Material and Methods
We start CLNUE in the flank position with standard LNE through 4 (left side) or 5 ports (right side). The ureter is liberated with harmonic scalpel or thermosealing system (Ligasure Advance®) to the urinary bladder. The gonadal vein must to be cut off. Ureter is excised with bladder cuff with thermosealing system (Ligasure Atlas®) introduced through another suprapubic port 10 mm. Specimen is removed in bag through muscle splitting incision of the lower abdomen. A permanent bladder catheter is removed on the 5th postoperative day.
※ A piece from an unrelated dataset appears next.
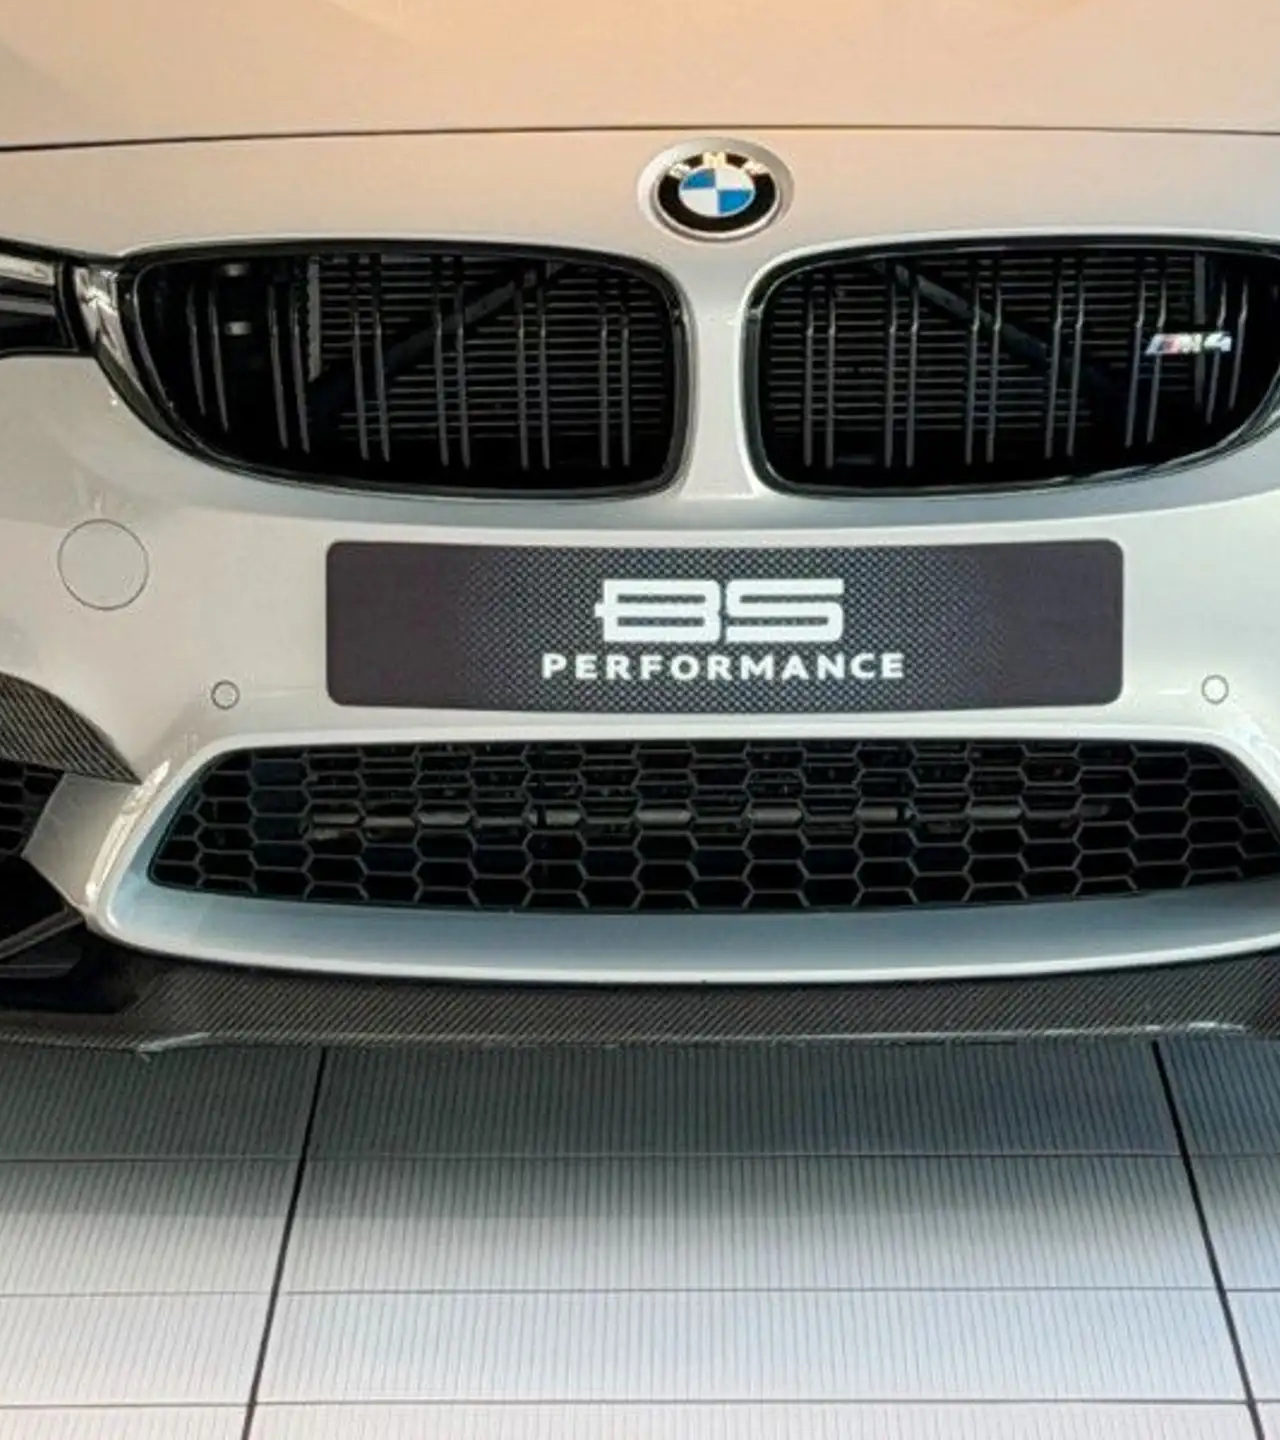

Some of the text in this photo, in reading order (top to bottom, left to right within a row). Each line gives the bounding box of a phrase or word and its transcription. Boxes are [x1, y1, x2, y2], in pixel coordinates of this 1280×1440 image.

[669, 150, 770, 178] BMW
[1156, 332, 1233, 354] M4
[595, 578, 844, 643] BS
[542, 652, 904, 682] PERFORMANCE
From 4/2008 to 6/2009, 19 patients underwent NUE. Three LNUE with an open ureterectomy for an advanced tumour of the distal ureter, one open NUE with a lymphadenectomy for an advanced tumour of pelvis. Fifteen underwent CLNU. They are evaluated in details.
Results
Eight men and seven women, the mean age 68±8 (57–80) years. Five times on the left side, 10× on the right side. Tumour was in the renal pelvis 8×, in ureter 4× (2× in the distal ureter). The mean time of operation was 126±21 (86–160) min. In three cases, CLNUE was preceded 3× with cystoscopy (1× with transurethral resection of urinary bladder tumour) and 3× with diagnostic ureteroscopy, the time of the endoscopies wasn’t included to the time of CLNUE. In one woman, CLNUE was performed ipsilateral to a transplanted kidney to the iliac fossa. The mean blood loss was 62± 57 (0–200) ml. The mean weight of specimen was 478±211 (210–1067) g. The histology was 12× urothelial cancer (1 pT3, 2 pT2, 5 pT1, 4 pTa), 1× clear renal cell carcinoma pT3aG2, 1× oncocytoma and 1× xantogranulomatous pyelonephritis. Complications were rare, only urinary tract infection with B. coli on 6th postoperative day. Fourteen patients were discharged from hospital on 7±2 (5–11) day, patient with transplanted kidney was transferred on 3rd postoperative day to department of nephrology. The mean follow-up is 8 (1–14) months; patient with transplanted kidney underwent TURT for recurrent non-muscle invasive bladder tumour.
Conclusions
CLNUE is mininvasive, fast and safe method without need to change patient's position. It is feasible even ipsilateral to a transplanted kidney. Open approach is reserved for advanced tumours only.We recommend starting NUE always with LNE. Liberation of ureter in pelvis is technically challenging, in case of any problems in pelvis, open ureterectomy can be performed. Long term oncological results are unknown. The work was supported by Czech government research project MSM 0021620819.